2) Excessive Wear. Excessive fraying or discoloring of the harness, slings, or rope are signs that the gear should be retired. Some harnesses have orange wear-mark indicators stitched beneath tie-in points and the belay loop to visually help show when the harness needs to be retired. Inspect your rope both visually and physically by running your hand over the entire length of the rope. If the rope has any sheath degradation, where the core is visible or coming through, or if it is punctured or glazed, it’s time to replace the rope. Often times the ends of a rope wear faster if loaded, due to tying and knotting. If this is the ase, it may be possible to cut off the damaged section of the rope and continue using the rest.

Q. Ok, cool. What’s the best way to care for my Harness and Rope?

A. Great question! When your harness gets dirty, try simple rinsing first. You may also hand wash a harness in warm water with a mild detergent (or try our Sterling Rope Wash!) and then rinse. NEVER use bleach. Allow it to air dry away from sunlight. Speaking of sunlight, keep your gear away from direct sunlight, corrosive substances (e.g., battery acids, gasoline, solvents, bleach) or any other potentially hamaging objects. Don’t leave your harness in your trunk or basement — keep it in a stuff sack in a dry, dark place that is free of any contaminants. Always transport it in a supplied bag and always keep it away from sharp objects like ice screws, axes, crampons, and knives.

Sterling Rope recommends that you wash your rope after approximately 30-40 uses, or if the rope has excessive dirt throughout the sheath. You can read more about that on Sterlings Website here: http://www.sterlingrope.com/faq.

Q. Is it okay to use carabiners that have been dropped?
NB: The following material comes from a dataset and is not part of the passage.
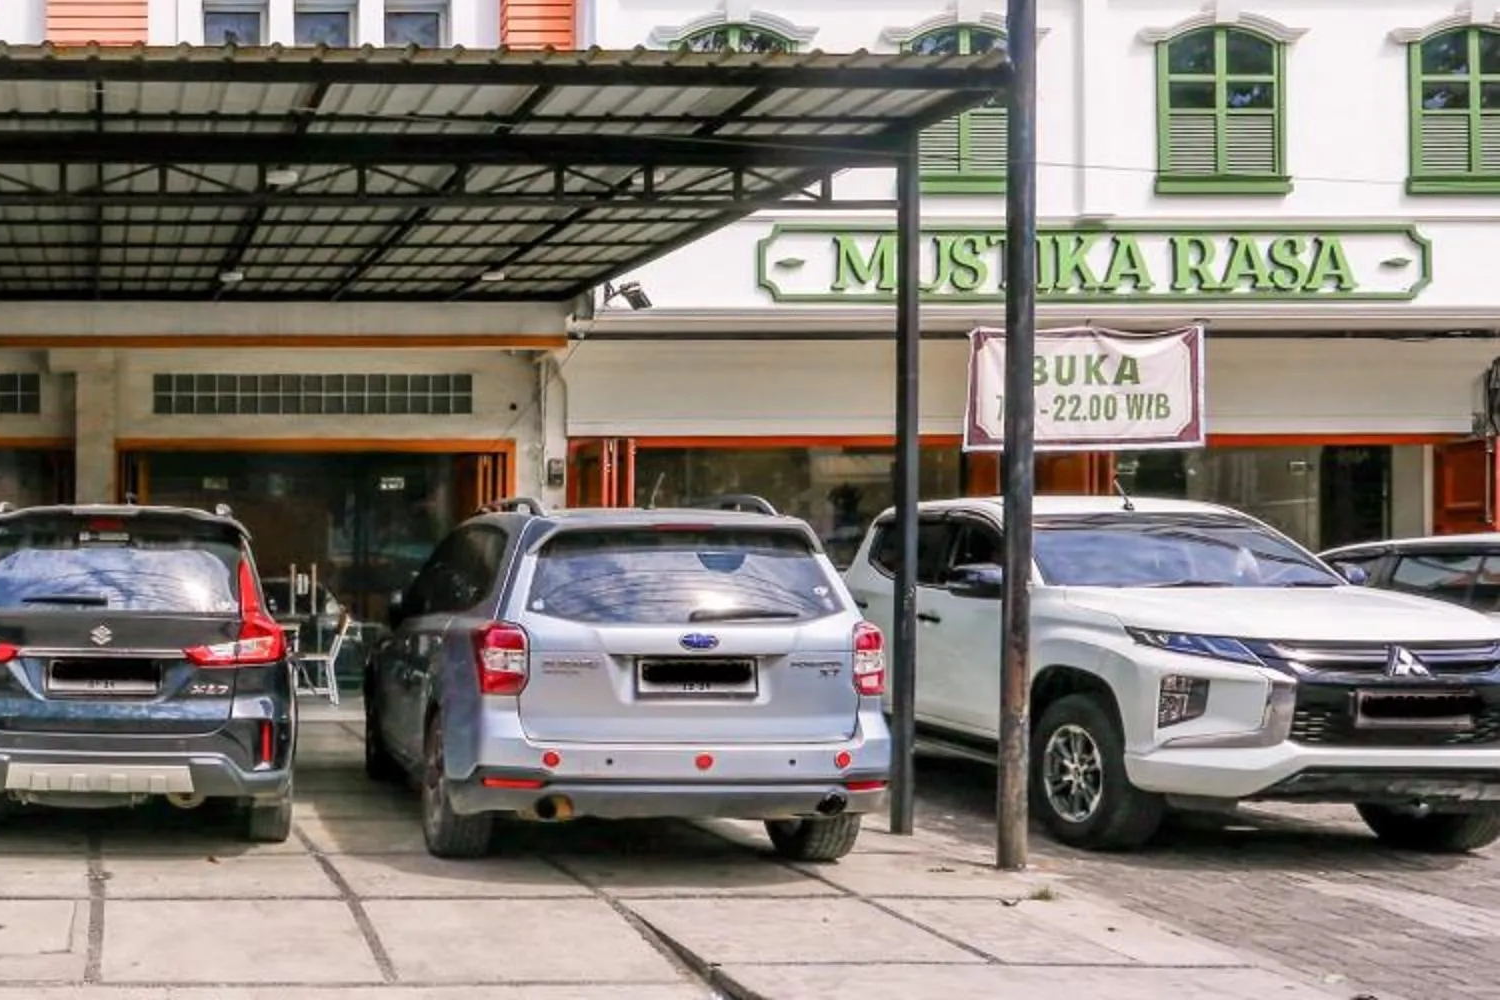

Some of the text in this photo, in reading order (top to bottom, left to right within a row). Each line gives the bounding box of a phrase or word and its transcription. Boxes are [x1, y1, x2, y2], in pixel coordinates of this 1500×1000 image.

[1168, 233, 1360, 291] RASA
[1032, 355, 1141, 387] BUKA
[1126, 392, 1171, 419] WIB
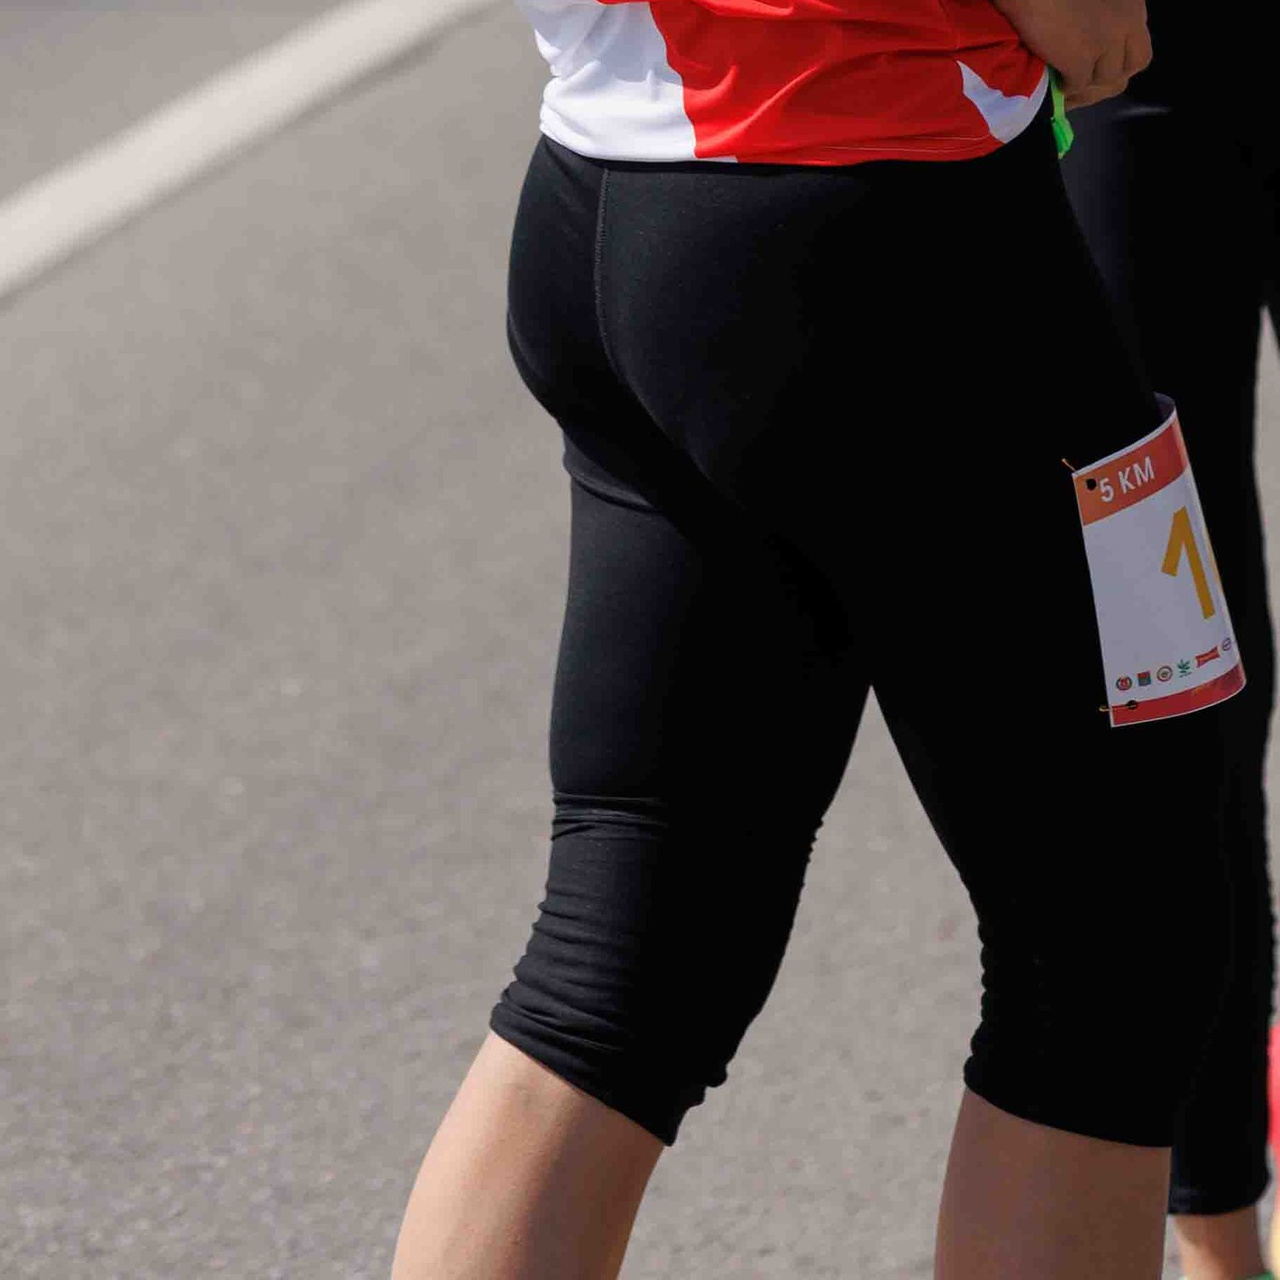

A. Unfortunately, the only way to know if “dropped” carabiners are fit for use is to test them to their breaking point. This doesn’t do you much good, now does it? It’s best to inspect dropped gear for dings and significant trauma. If only light scratching is visible and gate action is still good, there is a good chance it is fit for usage. Remember, only you know what your gear has been through and if there is any doubt, it’s best to retire the gear rather than take a risk.

Q. When should I retire my carabiners?
A. Here are our suggestions on what to look for when retiring aluminum carabiners:

1) Check for good gate action: The open-gate strength of carabiners is roughly 1/3 of the closed-gate strength. If a biner has a gate that rubs or sticks open, it should be cleaned and lubed. If this does not improve gate action, the biner should be retired. The same holds true for any gate locking mechanism.

2) Check for excessive wear: If you can feel that the rope-bearing surfaces of the biner are significantly worn (wearing off the anodization is normal after a few uses) the biner should be retired.

3) Check for deformation: If a biner has been loaded such that the body or nose has deformed—or the carabiner gate rivets have been bent (this usually results in poor gate action)—the biner should be retired.

4) Check for nicks or deep scratches: If a biner has nicks or deep gouges beyond the normal light scratching that occurs in use, it should be retired. Carabiners are more susceptible to surface damage near the nose hook or within an inch of the bending radii of the body.

5) Has the carabiner been exposed to extreme heat? If a biner has been exposed to “extreme heat” (i.e. a fire) it should be retired and destroyed due to possible negative effects to the heat treatment the carabiner underwent when it was made.

6) Has the carabiner been exposed to harsh chemicals or excessive corrosion? If your carabiner has been exposed to aggressive chemicals (like battery acid, petroleum-based fuel, ect.) it’s a good idea to retire the biner. Likewise, any corrosion beyond the normal thin gray/white oxidation layer that forms on exposed aluminum should be grounds for retirement, especially if it starts to affect gate action (see #1).

In closing: Keep in mind that only YOU know what your gear has been through. If your instincts tell you that the gear is dubious, retiring it is a good idea. Confidence in your equipment is not only key to climbing at your limit but helps you stay relaxed and having fun.